WHAT TO DO:
Please return each record below exactly, with nothing left out.

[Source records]
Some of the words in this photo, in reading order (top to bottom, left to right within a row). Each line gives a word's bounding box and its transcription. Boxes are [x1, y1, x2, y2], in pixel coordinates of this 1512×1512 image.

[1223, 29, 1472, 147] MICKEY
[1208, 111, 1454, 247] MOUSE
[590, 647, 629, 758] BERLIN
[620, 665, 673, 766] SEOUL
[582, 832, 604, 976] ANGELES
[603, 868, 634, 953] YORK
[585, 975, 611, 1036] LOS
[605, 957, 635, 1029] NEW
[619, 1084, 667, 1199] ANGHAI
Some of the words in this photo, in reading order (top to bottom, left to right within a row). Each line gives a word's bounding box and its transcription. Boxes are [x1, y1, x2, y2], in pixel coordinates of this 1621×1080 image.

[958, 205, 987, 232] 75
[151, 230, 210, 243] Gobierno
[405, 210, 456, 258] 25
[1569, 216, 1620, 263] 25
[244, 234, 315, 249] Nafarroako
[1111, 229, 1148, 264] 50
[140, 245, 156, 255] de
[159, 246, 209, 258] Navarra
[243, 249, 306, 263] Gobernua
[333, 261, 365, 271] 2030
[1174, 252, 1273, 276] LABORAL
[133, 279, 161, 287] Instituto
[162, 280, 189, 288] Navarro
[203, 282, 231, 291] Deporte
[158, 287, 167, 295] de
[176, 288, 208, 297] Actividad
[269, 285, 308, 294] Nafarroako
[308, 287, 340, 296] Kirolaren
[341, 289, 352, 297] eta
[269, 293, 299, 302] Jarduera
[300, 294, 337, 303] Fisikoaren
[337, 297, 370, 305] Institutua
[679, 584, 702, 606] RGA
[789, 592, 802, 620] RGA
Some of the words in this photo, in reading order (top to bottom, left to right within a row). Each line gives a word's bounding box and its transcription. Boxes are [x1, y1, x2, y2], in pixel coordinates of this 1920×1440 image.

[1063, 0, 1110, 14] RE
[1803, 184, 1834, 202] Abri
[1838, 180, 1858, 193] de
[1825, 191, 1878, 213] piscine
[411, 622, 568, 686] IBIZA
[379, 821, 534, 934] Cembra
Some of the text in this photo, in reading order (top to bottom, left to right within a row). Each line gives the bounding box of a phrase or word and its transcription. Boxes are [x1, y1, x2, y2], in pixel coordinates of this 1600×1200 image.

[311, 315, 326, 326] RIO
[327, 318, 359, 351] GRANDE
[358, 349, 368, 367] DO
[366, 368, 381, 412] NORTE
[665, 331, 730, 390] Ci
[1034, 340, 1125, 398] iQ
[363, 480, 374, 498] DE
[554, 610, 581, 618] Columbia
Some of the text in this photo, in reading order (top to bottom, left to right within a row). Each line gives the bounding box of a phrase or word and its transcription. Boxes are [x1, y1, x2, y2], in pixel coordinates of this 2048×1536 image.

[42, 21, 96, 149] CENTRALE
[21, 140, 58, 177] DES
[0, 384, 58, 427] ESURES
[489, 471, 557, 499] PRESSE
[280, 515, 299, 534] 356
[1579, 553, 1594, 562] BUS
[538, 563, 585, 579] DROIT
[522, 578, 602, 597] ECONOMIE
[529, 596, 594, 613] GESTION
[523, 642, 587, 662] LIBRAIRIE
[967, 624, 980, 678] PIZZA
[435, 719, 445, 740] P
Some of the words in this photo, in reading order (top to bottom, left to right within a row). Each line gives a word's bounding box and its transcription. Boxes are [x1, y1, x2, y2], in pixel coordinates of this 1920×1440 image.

RESULT FOR THIS TASK:
Some of the words in this photo, in reading order (top to bottom, left to right within a row). Each line gives a word's bounding box and its transcription. Boxes are [x1, y1, x2, y2], in pixel coordinates of this 1512×1512 image.

[1223, 29, 1472, 147] MICKEY
[1208, 111, 1454, 247] MOUSE
[590, 647, 629, 758] BERLIN
[620, 665, 673, 766] SEOUL
[582, 832, 604, 976] ANGELES
[603, 868, 634, 953] YORK
[585, 975, 611, 1036] LOS
[605, 957, 635, 1029] NEW
[619, 1084, 667, 1199] ANGHAI
Some of the words in this photo, in reading order (top to bottom, left to right within a row). Each line gives a word's bounding box and its transcription. Boxes are [x1, y1, x2, y2], in pixel coordinates of this 1621×1080 image.

[958, 205, 987, 232] 75
[151, 230, 210, 243] Gobierno
[405, 210, 456, 258] 25
[1569, 216, 1620, 263] 25
[244, 234, 315, 249] Nafarroako
[1111, 229, 1148, 264] 50
[140, 245, 156, 255] de
[159, 246, 209, 258] Navarra
[243, 249, 306, 263] Gobernua
[333, 261, 365, 271] 2030
[1174, 252, 1273, 276] LABORAL
[133, 279, 161, 287] Instituto
[162, 280, 189, 288] Navarro
[203, 282, 231, 291] Deporte
[158, 287, 167, 295] de
[176, 288, 208, 297] Actividad
[269, 285, 308, 294] Nafarroako
[308, 287, 340, 296] Kirolaren
[341, 289, 352, 297] eta
[269, 293, 299, 302] Jarduera
[300, 294, 337, 303] Fisikoaren
[337, 297, 370, 305] Institutua
[679, 584, 702, 606] RGA
[789, 592, 802, 620] RGA
Some of the words in this photo, in reading order (top to bottom, left to right within a row). Each line gives a word's bounding box and its transcription. Boxes are [x1, y1, x2, y2], in pixel coordinates of this 1920×1440 image.

[1063, 0, 1110, 14] RE
[1803, 184, 1834, 202] Abri
[1838, 180, 1858, 193] de
[1825, 191, 1878, 213] piscine
[411, 622, 568, 686] IBIZA
[379, 821, 534, 934] Cembra
Some of the text in this photo, in reading order (top to bottom, left to right within a row). Each line gives the bounding box of a phrase or word and its transcription. Boxes are [x1, y1, x2, y2], in pixel coordinates of this 1600×1200 image.

[311, 315, 326, 326] RIO
[327, 318, 359, 351] GRANDE
[358, 349, 368, 367] DO
[366, 368, 381, 412] NORTE
[665, 331, 730, 390] Ci
[1034, 340, 1125, 398] iQ
[363, 480, 374, 498] DE
[554, 610, 581, 618] Columbia
Some of the text in this photo, in reading order (top to bottom, left to right within a row). Each line gives the bounding box of a phrase or word and its transcription. Boxes are [x1, y1, x2, y2], in pixel coordinates of this 2048×1536 image.

[42, 21, 96, 149] CENTRALE
[21, 140, 58, 177] DES
[0, 384, 58, 427] ESURES
[489, 471, 557, 499] PRESSE
[280, 515, 299, 534] 356
[1579, 553, 1594, 562] BUS
[538, 563, 585, 579] DROIT
[522, 578, 602, 597] ECONOMIE
[529, 596, 594, 613] GESTION
[523, 642, 587, 662] LIBRAIRIE
[967, 624, 980, 678] PIZZA
[435, 719, 445, 740] P
Some of the words in this photo, in reading order (top to bottom, left to right within a row). Each line gives a word's bounding box and its transcription. Boxes are [x1, y1, x2, y2], in pixel coordinates of this 1920×1440 image.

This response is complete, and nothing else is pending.